START Entries shown

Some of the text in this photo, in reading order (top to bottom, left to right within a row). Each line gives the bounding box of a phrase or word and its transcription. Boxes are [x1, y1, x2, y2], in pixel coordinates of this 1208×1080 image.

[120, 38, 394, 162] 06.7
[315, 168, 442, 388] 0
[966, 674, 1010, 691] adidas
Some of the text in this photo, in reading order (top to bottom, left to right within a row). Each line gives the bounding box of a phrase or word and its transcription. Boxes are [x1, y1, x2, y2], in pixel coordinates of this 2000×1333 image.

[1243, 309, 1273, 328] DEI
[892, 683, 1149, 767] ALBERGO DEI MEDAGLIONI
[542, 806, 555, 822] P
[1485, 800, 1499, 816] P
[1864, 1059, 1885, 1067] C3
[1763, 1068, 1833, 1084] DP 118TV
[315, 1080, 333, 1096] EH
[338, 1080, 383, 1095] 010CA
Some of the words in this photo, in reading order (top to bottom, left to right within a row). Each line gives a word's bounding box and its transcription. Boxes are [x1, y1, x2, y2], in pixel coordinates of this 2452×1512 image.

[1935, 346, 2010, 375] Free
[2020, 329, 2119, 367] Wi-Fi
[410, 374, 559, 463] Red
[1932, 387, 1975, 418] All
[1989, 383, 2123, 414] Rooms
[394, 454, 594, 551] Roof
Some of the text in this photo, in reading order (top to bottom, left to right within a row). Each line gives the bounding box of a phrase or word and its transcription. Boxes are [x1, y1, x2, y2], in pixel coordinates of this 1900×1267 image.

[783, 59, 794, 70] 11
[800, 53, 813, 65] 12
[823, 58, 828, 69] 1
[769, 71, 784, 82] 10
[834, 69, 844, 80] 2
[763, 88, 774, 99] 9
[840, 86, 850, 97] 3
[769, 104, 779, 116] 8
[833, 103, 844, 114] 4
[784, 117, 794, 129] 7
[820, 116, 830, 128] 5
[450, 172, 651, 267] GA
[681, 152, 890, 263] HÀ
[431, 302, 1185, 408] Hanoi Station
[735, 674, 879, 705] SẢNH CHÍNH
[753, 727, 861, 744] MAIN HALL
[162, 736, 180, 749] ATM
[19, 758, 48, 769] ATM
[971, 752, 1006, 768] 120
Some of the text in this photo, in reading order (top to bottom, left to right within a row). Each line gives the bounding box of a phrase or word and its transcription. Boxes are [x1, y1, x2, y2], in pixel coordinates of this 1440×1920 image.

END Entries shown

# Exercise aim:
After reading the listing, write out every line of it exactly.

# Output:
Some of the text in this photo, in reading order (top to bottom, left to right within a row). Each line gives the bounding box of a phrase or word and its transcription. Boxes are [x1, y1, x2, y2], in pixel coordinates of this 1208×1080 image.

[120, 38, 394, 162] 06.7
[315, 168, 442, 388] 0
[966, 674, 1010, 691] adidas
Some of the text in this photo, in reading order (top to bottom, left to right within a row). Each line gives the bounding box of a phrase or word and its transcription. Boxes are [x1, y1, x2, y2], in pixel coordinates of this 2000×1333 image.

[1243, 309, 1273, 328] DEI
[892, 683, 1149, 767] ALBERGO DEI MEDAGLIONI
[542, 806, 555, 822] P
[1485, 800, 1499, 816] P
[1864, 1059, 1885, 1067] C3
[1763, 1068, 1833, 1084] DP 118TV
[315, 1080, 333, 1096] EH
[338, 1080, 383, 1095] 010CA
Some of the words in this photo, in reading order (top to bottom, left to right within a row). Each line gives a word's bounding box and its transcription. Boxes are [x1, y1, x2, y2], in pixel coordinates of this 2452×1512 image.

[1935, 346, 2010, 375] Free
[2020, 329, 2119, 367] Wi-Fi
[410, 374, 559, 463] Red
[1932, 387, 1975, 418] All
[1989, 383, 2123, 414] Rooms
[394, 454, 594, 551] Roof
Some of the text in this photo, in reading order (top to bottom, left to right within a row). Each line gives the bounding box of a phrase or word and its transcription. Boxes are [x1, y1, x2, y2], in pixel coordinates of this 1900×1267 image.

[783, 59, 794, 70] 11
[800, 53, 813, 65] 12
[823, 58, 828, 69] 1
[769, 71, 784, 82] 10
[834, 69, 844, 80] 2
[763, 88, 774, 99] 9
[840, 86, 850, 97] 3
[769, 104, 779, 116] 8
[833, 103, 844, 114] 4
[784, 117, 794, 129] 7
[820, 116, 830, 128] 5
[450, 172, 651, 267] GA
[681, 152, 890, 263] HÀ
[431, 302, 1185, 408] Hanoi Station
[735, 674, 879, 705] SẢNH CHÍNH
[753, 727, 861, 744] MAIN HALL
[162, 736, 180, 749] ATM
[19, 758, 48, 769] ATM
[971, 752, 1006, 768] 120
Some of the text in this photo, in reading order (top to bottom, left to right within a row). Each line gives the bounding box of a phrase or word and its transcription. Boxes are [x1, y1, x2, y2], in pixel coordinates of this 1440×1920 image.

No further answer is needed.